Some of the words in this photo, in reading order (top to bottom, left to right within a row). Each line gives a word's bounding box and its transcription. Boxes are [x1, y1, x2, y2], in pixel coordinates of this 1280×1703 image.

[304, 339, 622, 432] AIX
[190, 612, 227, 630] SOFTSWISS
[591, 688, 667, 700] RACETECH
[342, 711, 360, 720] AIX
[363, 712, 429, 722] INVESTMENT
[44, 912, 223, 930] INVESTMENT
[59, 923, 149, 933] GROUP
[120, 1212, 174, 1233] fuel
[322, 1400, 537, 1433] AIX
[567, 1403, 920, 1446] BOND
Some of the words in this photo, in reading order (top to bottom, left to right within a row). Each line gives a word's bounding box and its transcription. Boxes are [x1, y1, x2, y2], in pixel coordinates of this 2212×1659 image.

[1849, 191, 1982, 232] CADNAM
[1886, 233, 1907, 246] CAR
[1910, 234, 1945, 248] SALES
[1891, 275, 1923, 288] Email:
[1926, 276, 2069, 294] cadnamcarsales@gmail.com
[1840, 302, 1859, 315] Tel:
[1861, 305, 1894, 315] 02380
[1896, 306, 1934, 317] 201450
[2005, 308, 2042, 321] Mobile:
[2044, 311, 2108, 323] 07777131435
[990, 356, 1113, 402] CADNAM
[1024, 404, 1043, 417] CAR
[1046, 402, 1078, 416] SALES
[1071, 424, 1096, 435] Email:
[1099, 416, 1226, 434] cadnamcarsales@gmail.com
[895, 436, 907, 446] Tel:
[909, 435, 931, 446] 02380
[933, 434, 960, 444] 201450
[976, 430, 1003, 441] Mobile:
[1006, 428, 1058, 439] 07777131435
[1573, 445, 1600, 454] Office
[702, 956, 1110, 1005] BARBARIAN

# [WHAT THE TASK ASKS]
Copy out the whole listing exactly; please set it all down.

# [EXPECTED ANSWER]
Some of the words in this photo, in reading order (top to bottom, left to right within a row). Each line gives a word's bounding box and its transcription. Boxes are [x1, y1, x2, y2], in pixel coordinates of this 1280×1703 image.

[304, 339, 622, 432] AIX
[190, 612, 227, 630] SOFTSWISS
[591, 688, 667, 700] RACETECH
[342, 711, 360, 720] AIX
[363, 712, 429, 722] INVESTMENT
[44, 912, 223, 930] INVESTMENT
[59, 923, 149, 933] GROUP
[120, 1212, 174, 1233] fuel
[322, 1400, 537, 1433] AIX
[567, 1403, 920, 1446] BOND
Some of the words in this photo, in reading order (top to bottom, left to right within a row). Each line gives a word's bounding box and its transcription. Boxes are [x1, y1, x2, y2], in pixel coordinates of this 2212×1659 image.

[1849, 191, 1982, 232] CADNAM
[1886, 233, 1907, 246] CAR
[1910, 234, 1945, 248] SALES
[1891, 275, 1923, 288] Email:
[1926, 276, 2069, 294] cadnamcarsales@gmail.com
[1840, 302, 1859, 315] Tel:
[1861, 305, 1894, 315] 02380
[1896, 306, 1934, 317] 201450
[2005, 308, 2042, 321] Mobile:
[2044, 311, 2108, 323] 07777131435
[990, 356, 1113, 402] CADNAM
[1024, 404, 1043, 417] CAR
[1046, 402, 1078, 416] SALES
[1071, 424, 1096, 435] Email:
[1099, 416, 1226, 434] cadnamcarsales@gmail.com
[895, 436, 907, 446] Tel:
[909, 435, 931, 446] 02380
[933, 434, 960, 444] 201450
[976, 430, 1003, 441] Mobile:
[1006, 428, 1058, 439] 07777131435
[1573, 445, 1600, 454] Office
[702, 956, 1110, 1005] BARBARIAN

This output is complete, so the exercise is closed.